Risk rotation
While reluctant to make any long-term predictions, Hambi has seen evidence of the beginnings of a ‘great rotation’ out of fixed income into risk assets. The problem for him, and anybody employed in an asset allocation role, is where to put risk-adverse clients’ capital when a huge chunk of the fixed-income universe is disregarded.
Resolute in not tactically allocating to cash and equivalents, MyFolio has increased exposure to inflation-linked gilts, absolute return bond funds and corporate bonds in particular, through the likes of TwentyFour Asset Management and Royal London Asset Management.
“Half of all our bond exposure is in short-duration vehicles, be it corporate bonds or index-linked bonds,” says Hambi. “We seeded six short-duration bond funds, across both corporate bonds and index-linked bonds. Two were tracker funds, four active.”
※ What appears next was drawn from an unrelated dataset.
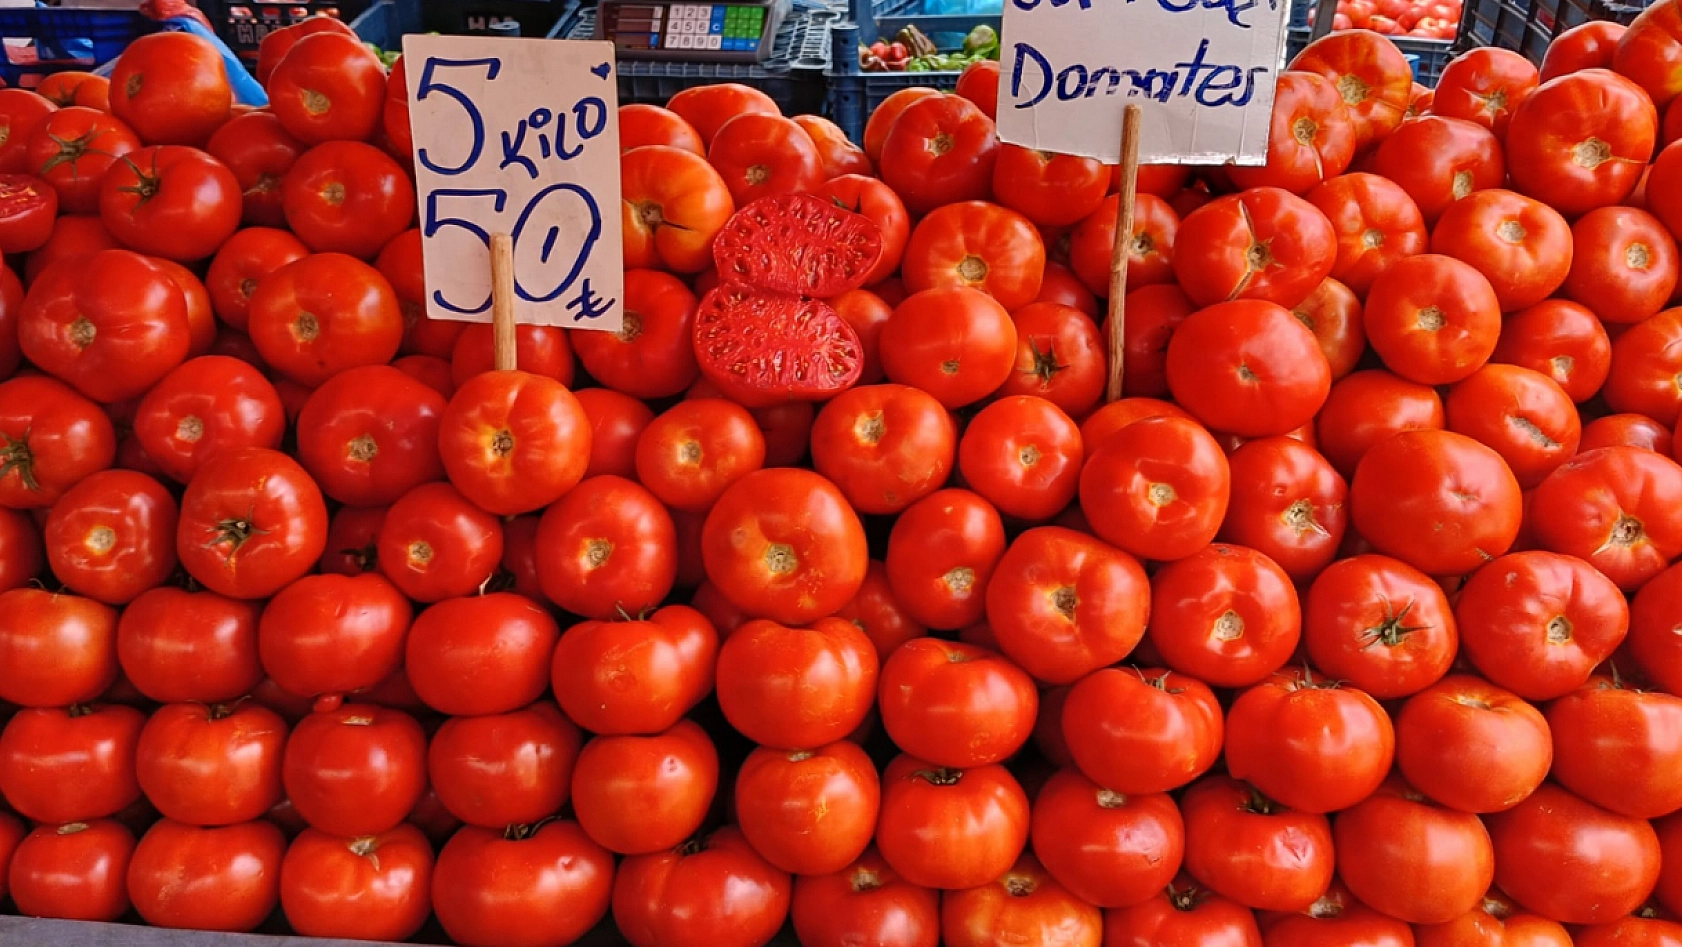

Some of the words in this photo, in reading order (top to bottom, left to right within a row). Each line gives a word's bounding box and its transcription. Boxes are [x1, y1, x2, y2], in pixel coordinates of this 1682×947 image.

[417, 56, 501, 176] 5
[1010, 38, 1269, 110] Domates
[424, 182, 602, 314] 50
In 2015, the team moved from a UK to a global benchmark for fixed income, incorporating the likes of treasury inflation-protected securities and massively reducing duration for clients.
Hambi outlines the move: “Strategically, we used to allocate to the UK index-linked market and we had double-digit returns per annum from that for three years. However, as we had more quantitative easing, duration on the UK index moved to around 26 years.
“We were uncomfortable with that and so by going global we immediately took 15 years off. The average duration on a global index is 11 years, with more liquidity.”